The Cartoon Song is a contemporary Christian song by Chris Rice, written in 1989 as a tongue-in-cheek skit for a church youth group of middle school students. The song mentions many cartoon characters popular in the United States at that time.

Lyrics

The premise of the song describes what might happen if Christians succeeded in incorporating Christianity into cartoons.

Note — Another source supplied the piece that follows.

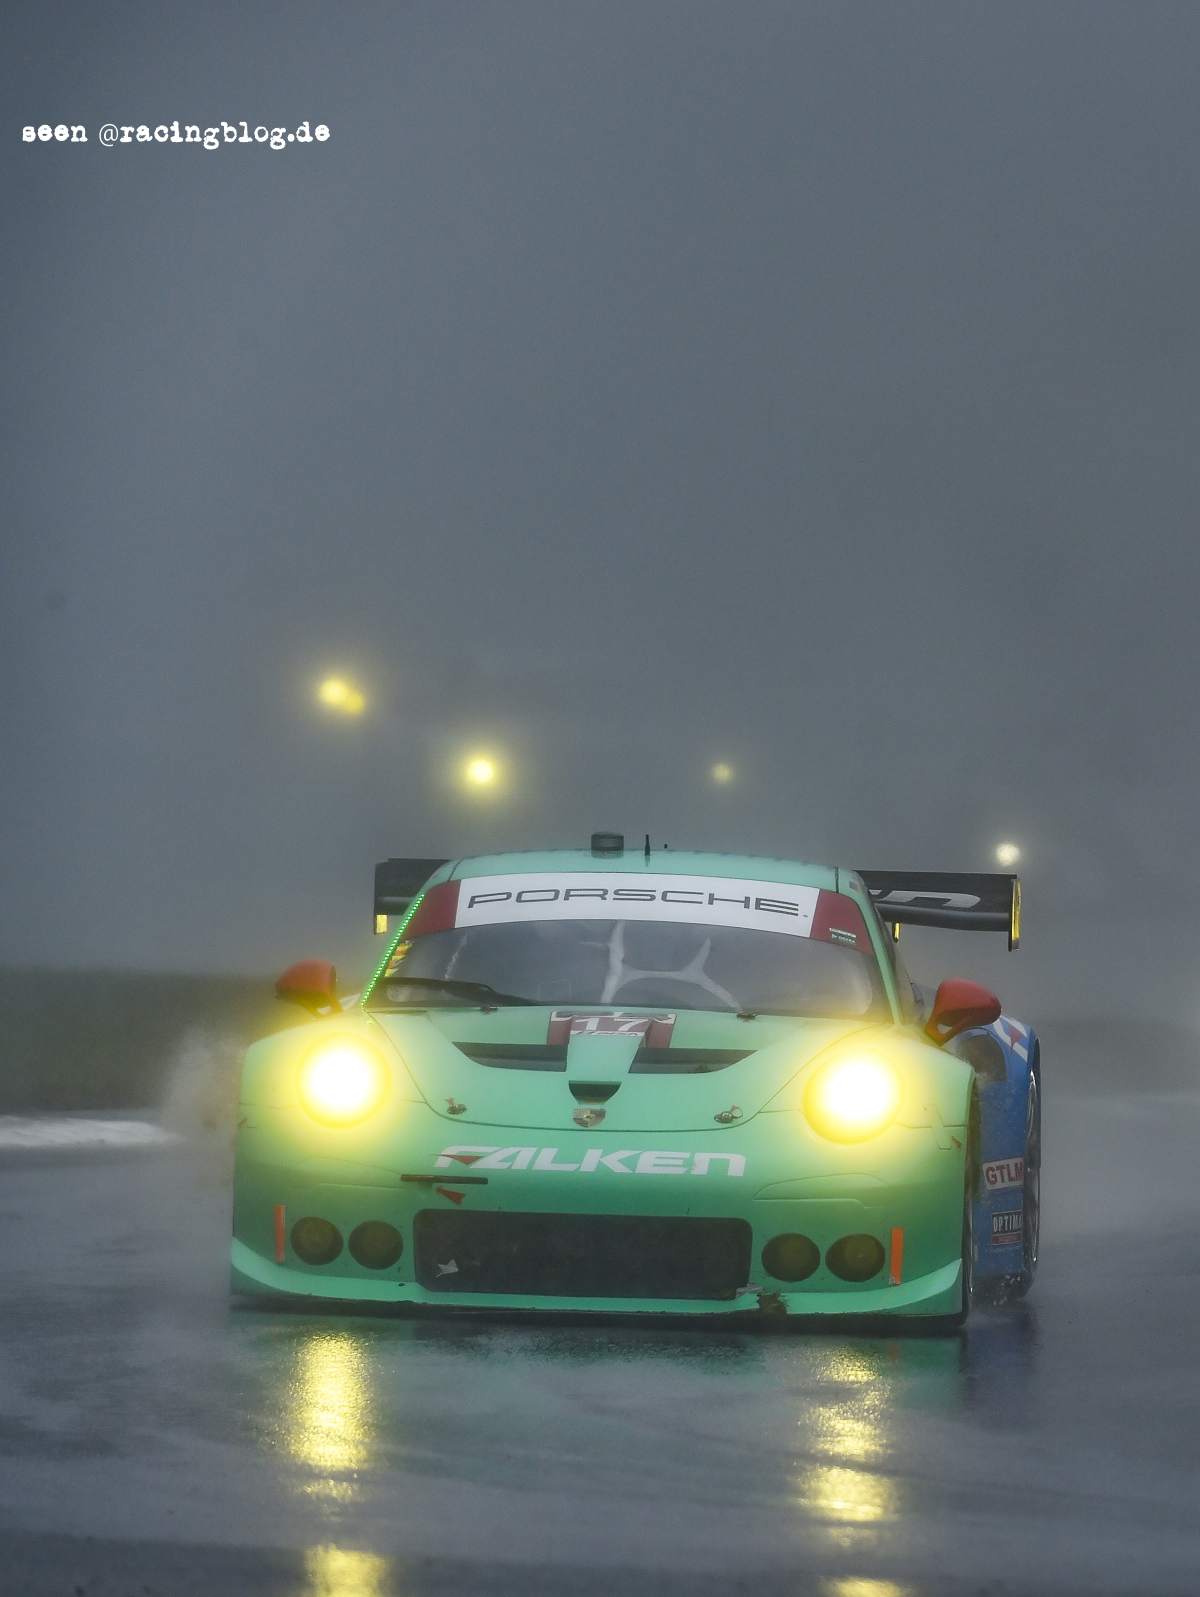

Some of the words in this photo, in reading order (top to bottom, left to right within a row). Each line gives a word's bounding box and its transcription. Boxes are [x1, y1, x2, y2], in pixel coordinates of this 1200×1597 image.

[468, 888, 799, 917] PORSCHE
[575, 1017, 648, 1032] 17
[434, 1145, 747, 1177] FALKEN

According to the song, cartoon characters would then sing their own versions of the word "Hallelujah". For example, Fred and Wilma Flintstone would sing "Yabba-dabba-lujah".

The song also mentions Scooby-Doo and Shaggy, Astro, the Teenage Mutant Ninja Turtles, Kermit the Frog, Elmer Fudd, Yogi Bear, Rocky and Bullwinkle, the Smurfs (referred to as "all those little blue guys"), and Beavis and Butt-head (referred to as Beavis and "that other guy").

Hidden track

Chris Rice wrote the song while in college, as a joke for students, but after much success, his former record label insisted that he record it for a CD. He reluctantly agreed, although only if it was a hidden track.

Reactions

This track has received a lot of criticism from the Christian community due to its theology, more evidence that Rice's satirical intentions went well over the heads of his fans.  Chris Rice explains, "Also, in correcting my 'theology' in the cartoon song, people were totally missing the fact that the whole song is about soul-less cartoons, none of whom can 'get saved.'"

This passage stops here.